From healthcare administrative data, they identified 120,368 patients aged 66 years and older who had started taking risedronate or alendronate as initial therapy for osteoporosis during the period 2000-2016. They had taken the therapy for 3 or more years (with at least 80% adherence) before stopping it for 120 days or longer.

The researchers found that 45% of patients were taking risedronate and 55% were taking alendronate, which are the main bisphosphonates used in Ontario, Hayes noted. Etidronate (Didronel) is recommended as second-line therapy and accounts for <2% of patients starting oral bisphosphonate therapy. 

In an earlier study, the researchers identified a shift toward greater use of risedronate than alendronate since 2008, likely related to newer formulations (eg, monthly and weekly delayed-release formulations of risedronate vs only weekly alendronate formulations).

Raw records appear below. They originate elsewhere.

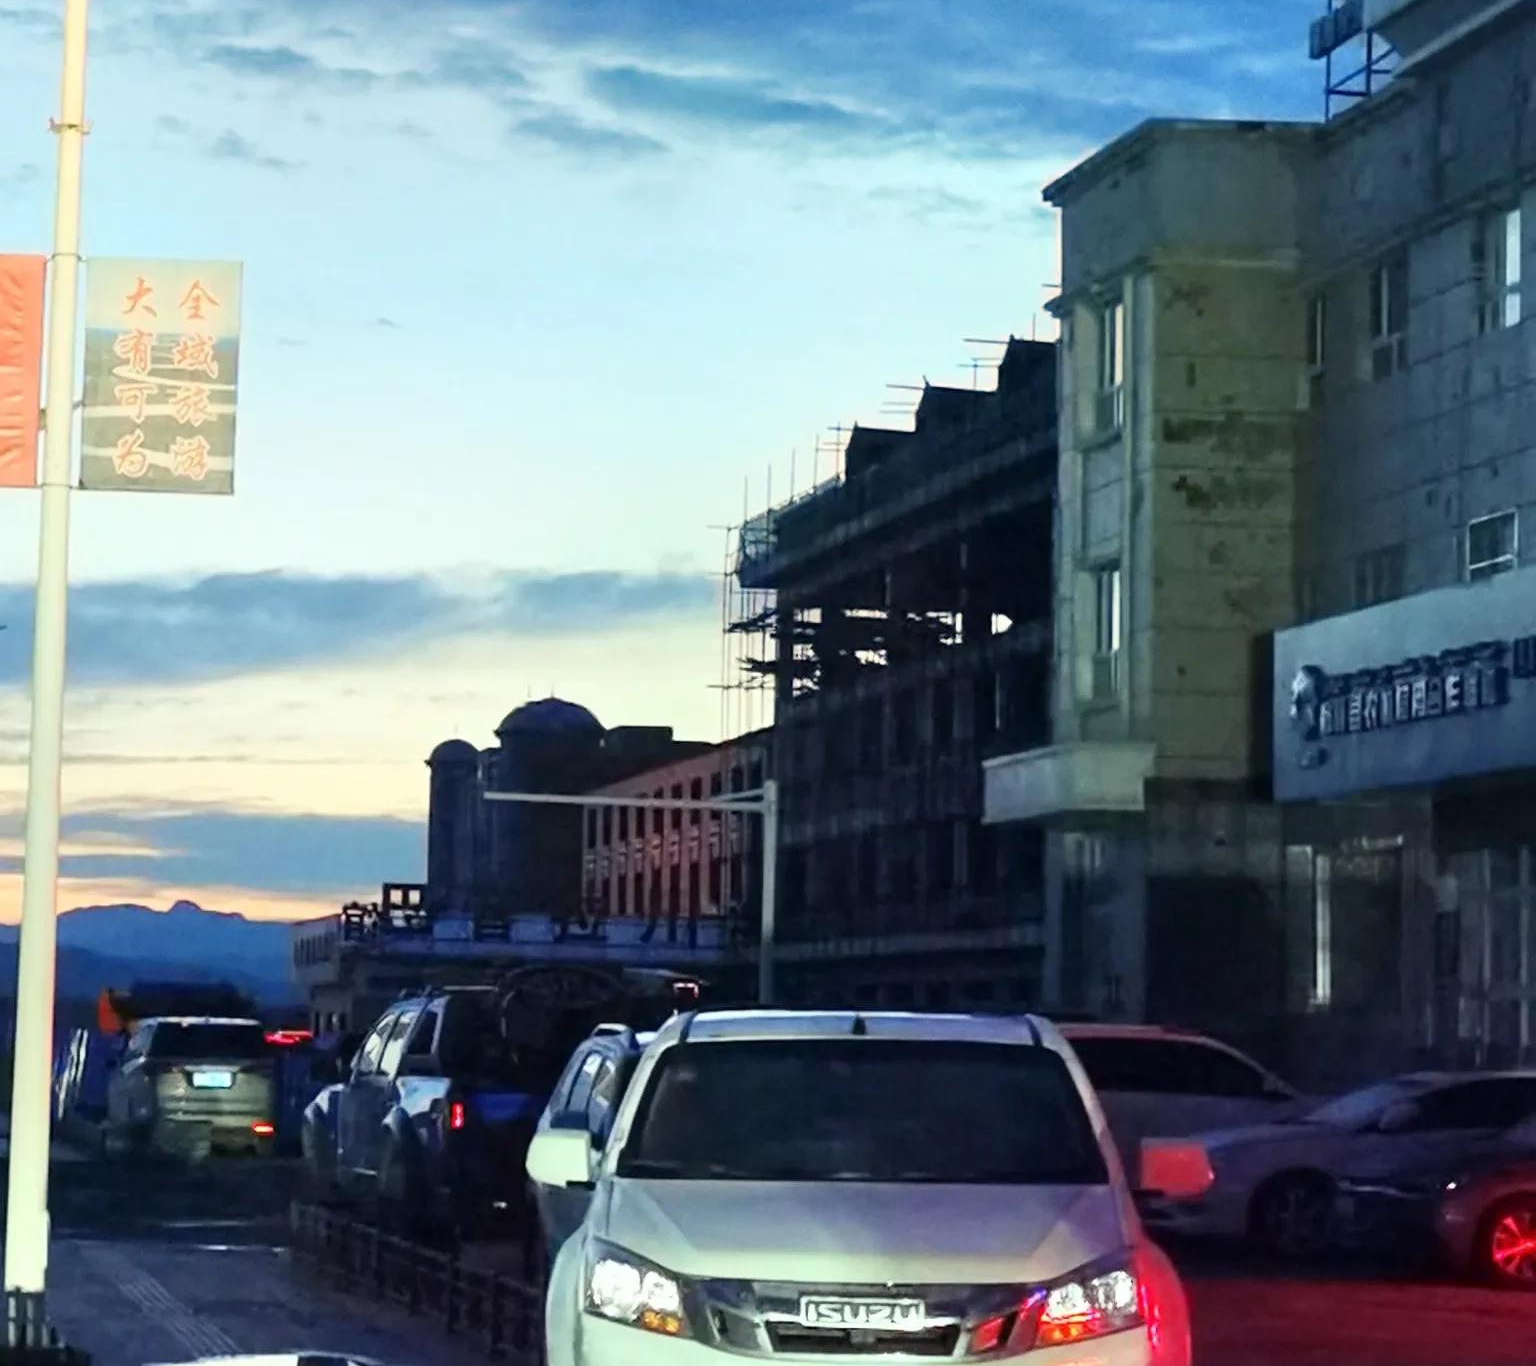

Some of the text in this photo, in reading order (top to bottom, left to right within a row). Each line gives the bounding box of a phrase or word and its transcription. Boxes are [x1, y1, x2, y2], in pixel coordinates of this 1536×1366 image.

[111, 276, 159, 479] 大有可为
[169, 278, 220, 481] 全域旅游
[807, 1302, 919, 1323] ISUZU
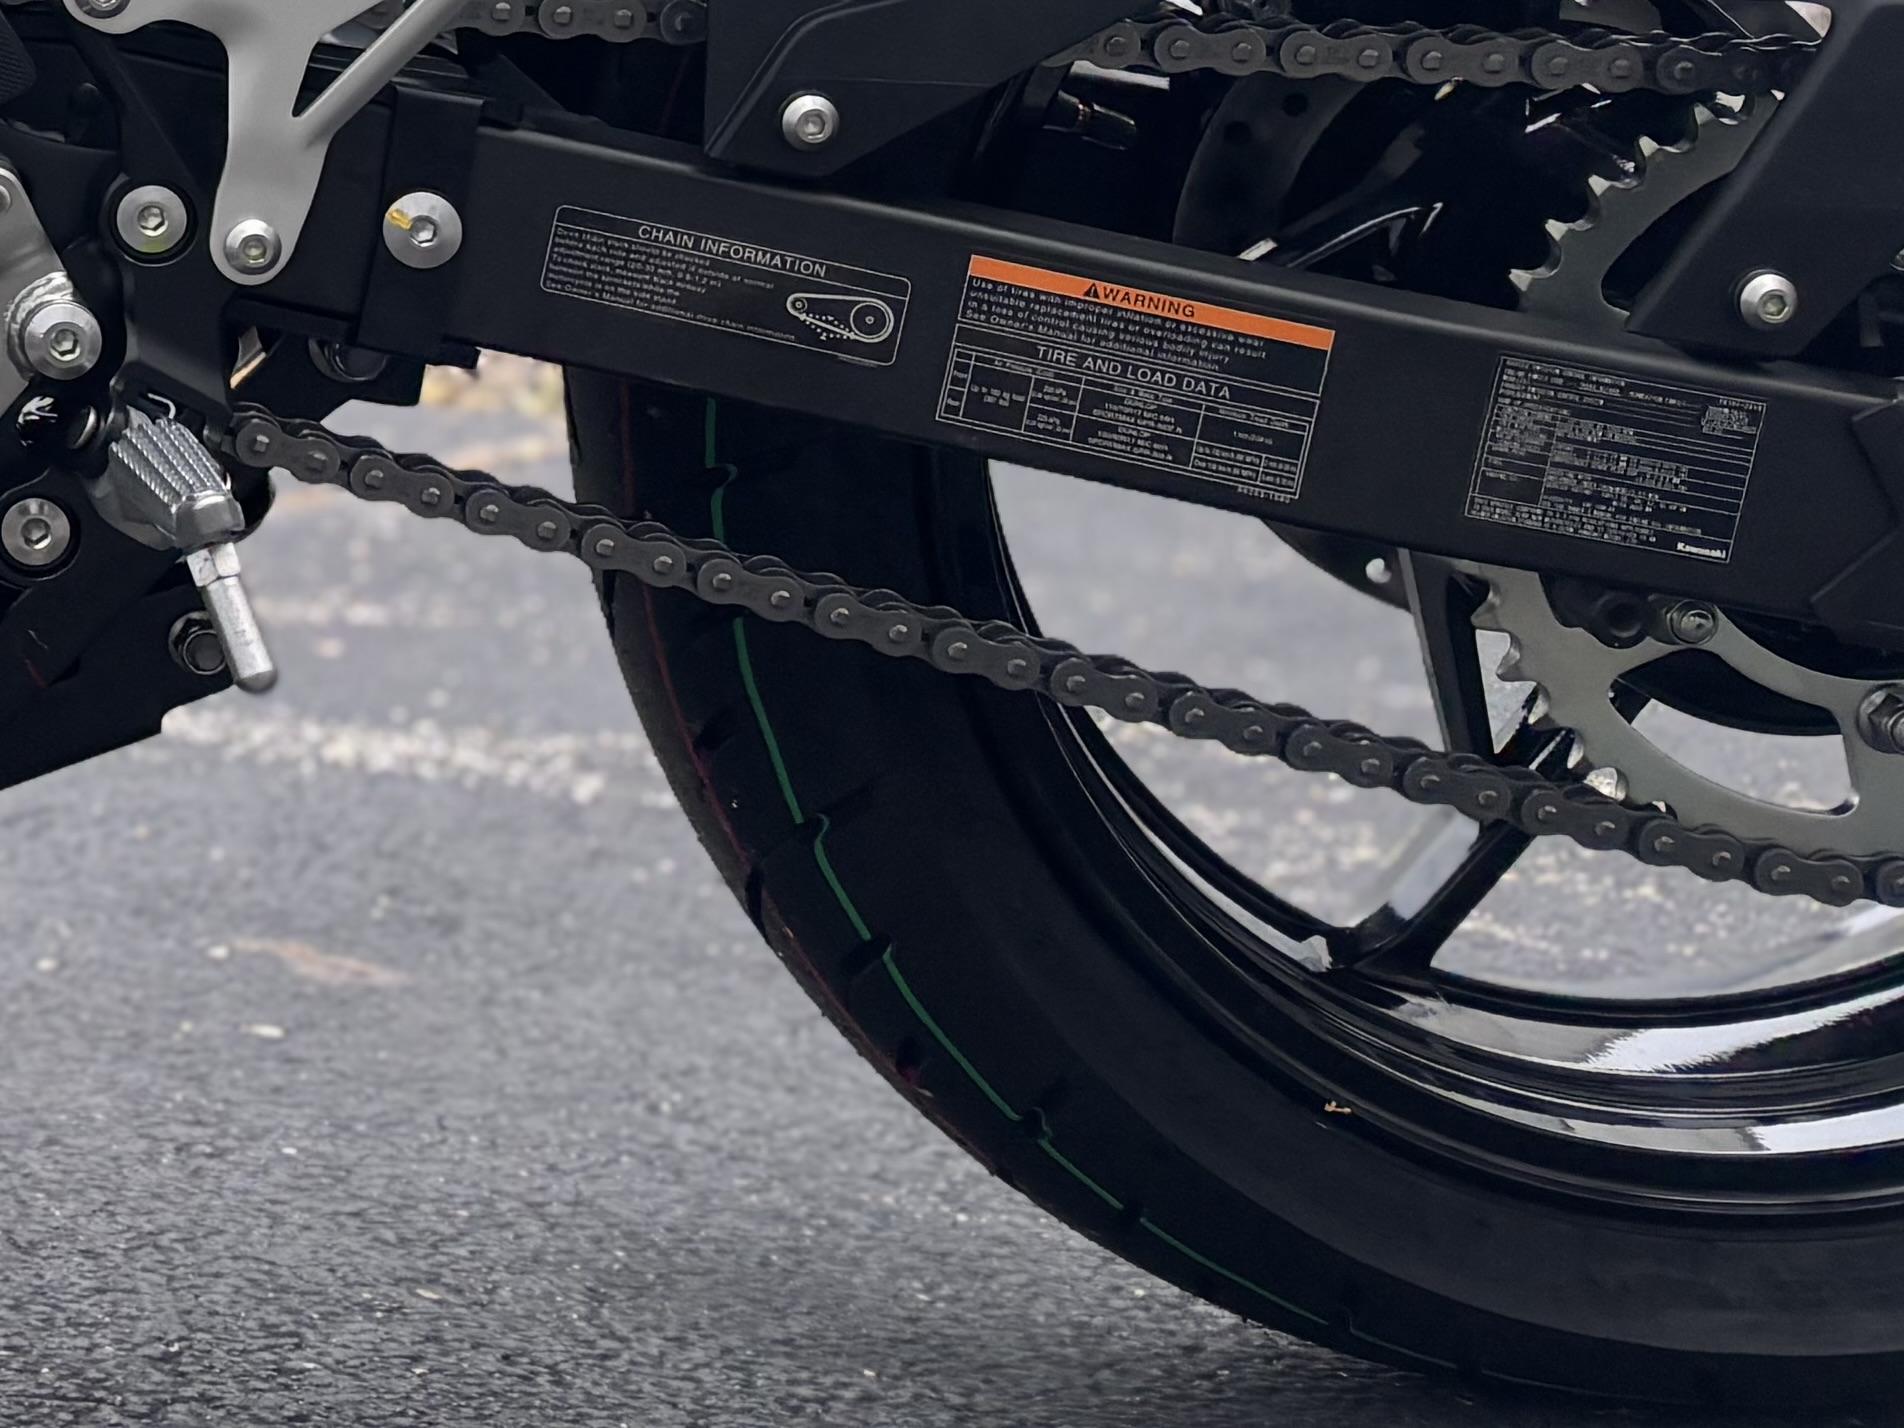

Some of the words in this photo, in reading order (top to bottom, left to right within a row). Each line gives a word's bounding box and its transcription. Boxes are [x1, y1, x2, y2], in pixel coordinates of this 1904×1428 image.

[637, 224, 694, 249] CHAIN
[699, 237, 827, 277] INFORMATION
[1101, 286, 1197, 318] WARNING
[1034, 345, 1077, 366] TIRE
[1082, 355, 1121, 375] AND
[1126, 365, 1176, 387] LOAD
[1182, 377, 1232, 399] DATA

The researchers matched 25,077 patients taking alendronate with 25,077 patients taking risedronate, based on fracture risk-related characteristics, including demographics, diagnoses, medication use, and healthcare use.

The patients had a mean age of 74 when they started taking an oral bisphosphonate; 82% were women and most were White.  

Most patients (78%) had received a prescription from a general practitioner and, on average, they took the bisphosphonate therapy for 5.9 years before the drug holiday.  

The primary outcome of incident hip fracture during a 3-year drug holiday occurred in 915 patients. There were 12.4 events per 1000 patients in the risedronate group vs 10.6 events per 1000 patients in the alendronate group (hazard ratio, 1.18; 95% CI, 1.04 – 1.34).

The risks were not significantly higher during year 1 or year 2 of the drug holiday, but the curves began to diverge after 2 years, co-author Suzanne Cadarette, PhD, of the Leslie Dan Faculty of Pharmacy at the University of Toronto, Canada, explained when replying to a question after the presentation. Cadarette supervised this PhD dissertation research by Hayes.

The researchers acknowledged that the limitations of their study include a lack of information about race or bone mineral density, and the findings may not apply to a younger, more racially diverse population.

The research was supported by the University of Toronto Dalla Lana School of Public Health and the Leslie Dan Faculty of Pharmacy, a Canadian Institutes of Health Research grant, and a doctoral research award. The authors have disclosed no relevant financial relationships.

American Society of Bone and Mineral Research (ASBMR) 2021 annual meeting: Abstract 1028. Presented October 2, 2021.